What to Do For Panic Treatment
Everyone, at one time or another, is going to experience anxiety at one point or another in their lives.
There may be a discernible cause: you're late to work and your boss has told you if you're late one more day you'll be fired.
Or you're about to get married...
or just ask some out on a date.
But what if you get up in the morning and all of a sudden, for no reason at all, your heart starts to race, you can't catch your breath, you feel dizzy, and to cap it all off, your hands are tingling.
You're afraid you're going to have a heart attack.
Well, hopefully, even if the feeling passes, you visit your doctor that very day an explain what happened.
He - or she - will explain that those are symptoms of cardiac arrhythmia, pulmonary embolism, a panic attack, or a hyperventilation episode.
The problem is figuring out which one.
If you've watched the TV show House, with that crack diagnostician Gregory House, you know that diagnosis is not an exact science and it can take a doctor several different "tries" before he or she figures out what's the matter.
Now House is just a TV show, and actually it's medical mumbo jumbo is quite often just that - but the principal is definitely true to life.
Usually a doctor can not diagnose you based on just one checkup alone.
Tests will have to be run, and more tests after that.
So don't panic over your panic treatment.
Yes, that's a very facile thing to say.
Panic attacks are very frightening, but it all comes down to knowing what causes them.
It helps to keep a journal, in which you note down what you were doing - or what you were intending to do - when the panic attack occurred.
Your doctor will be able to take that information and use it to assist in prescribing a course of panic treatment for you.
There may be a discernible cause: you're late to work and your boss has told you if you're late one more day you'll be fired.
Or you're about to get married...
or just ask some out on a date.
But what if you get up in the morning and all of a sudden, for no reason at all, your heart starts to race, you can't catch your breath, you feel dizzy, and to cap it all off, your hands are tingling.
You're afraid you're going to have a heart attack.
Well, hopefully, even if the feeling passes, you visit your doctor that very day an explain what happened.

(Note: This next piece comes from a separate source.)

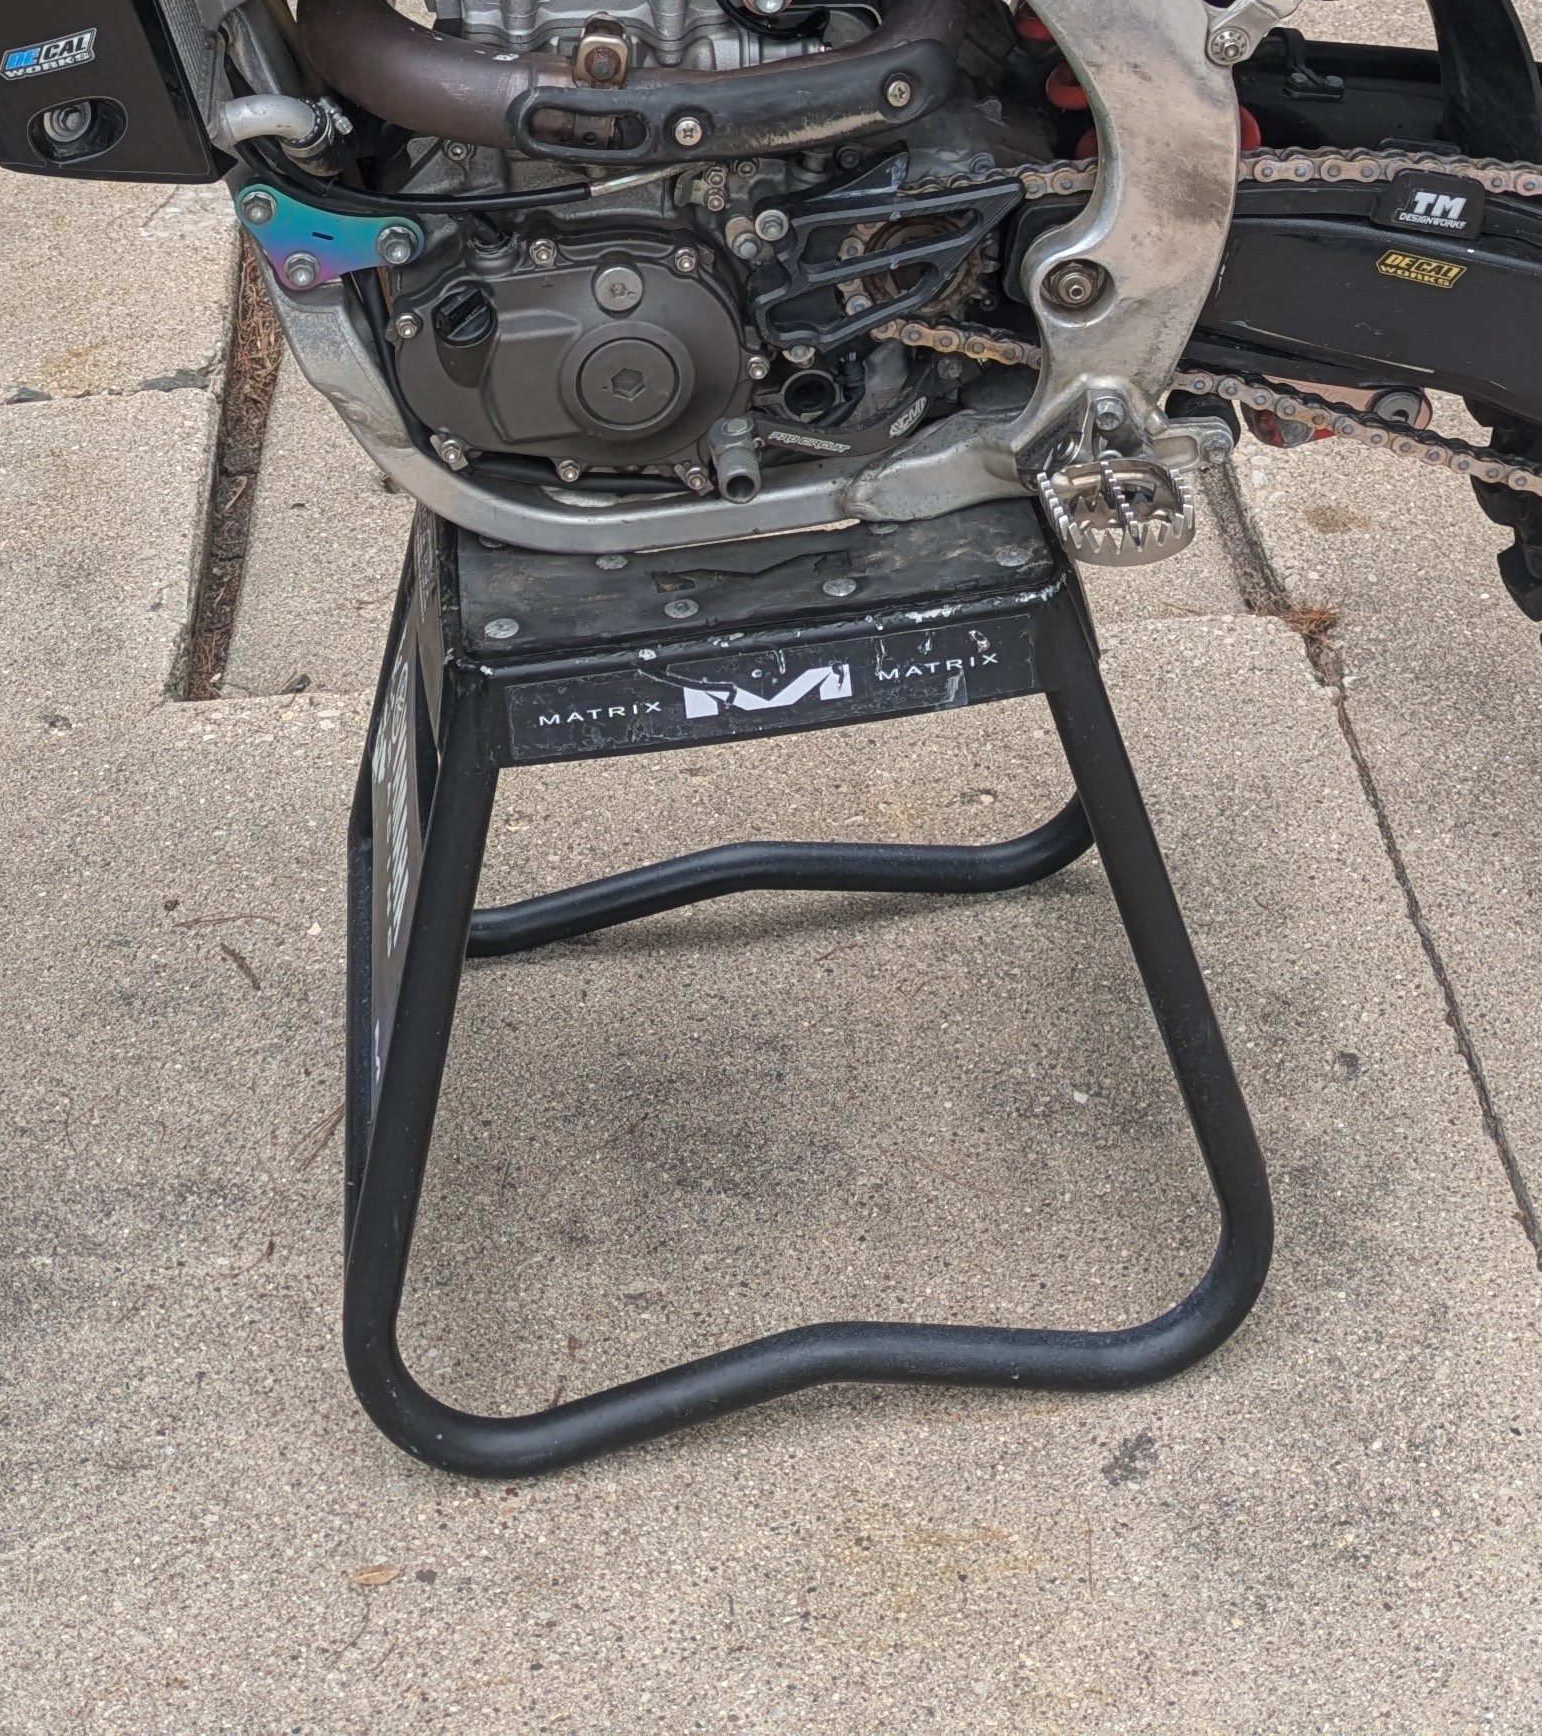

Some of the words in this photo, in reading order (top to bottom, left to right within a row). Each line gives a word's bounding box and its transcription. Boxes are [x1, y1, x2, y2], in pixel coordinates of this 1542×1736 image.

He - or she - will explain that those are symptoms of cardiac arrhythmia, pulmonary embolism, a panic attack, or a hyperventilation episode.
The problem is figuring out which one.
If you've watched the TV show House, with that crack diagnostician Gregory House, you know that diagnosis is not an exact science and it can take a doctor several different "tries" before he or she figures out what's the matter.
Now House is just a TV show, and actually it's medical mumbo jumbo is quite often just that - but the principal is definitely true to life.
Usually a doctor can not diagnose you based on just one checkup alone.
Tests will have to be run, and more tests after that.
So don't panic over your panic treatment.
Yes, that's a very facile thing to say.
Panic attacks are very frightening, but it all comes down to knowing what causes them.
It helps to keep a journal, in which you note down what you were doing - or what you were intending to do - when the panic attack occurred.
Your doctor will be able to take that information and use it to assist in prescribing a course of panic treatment for you.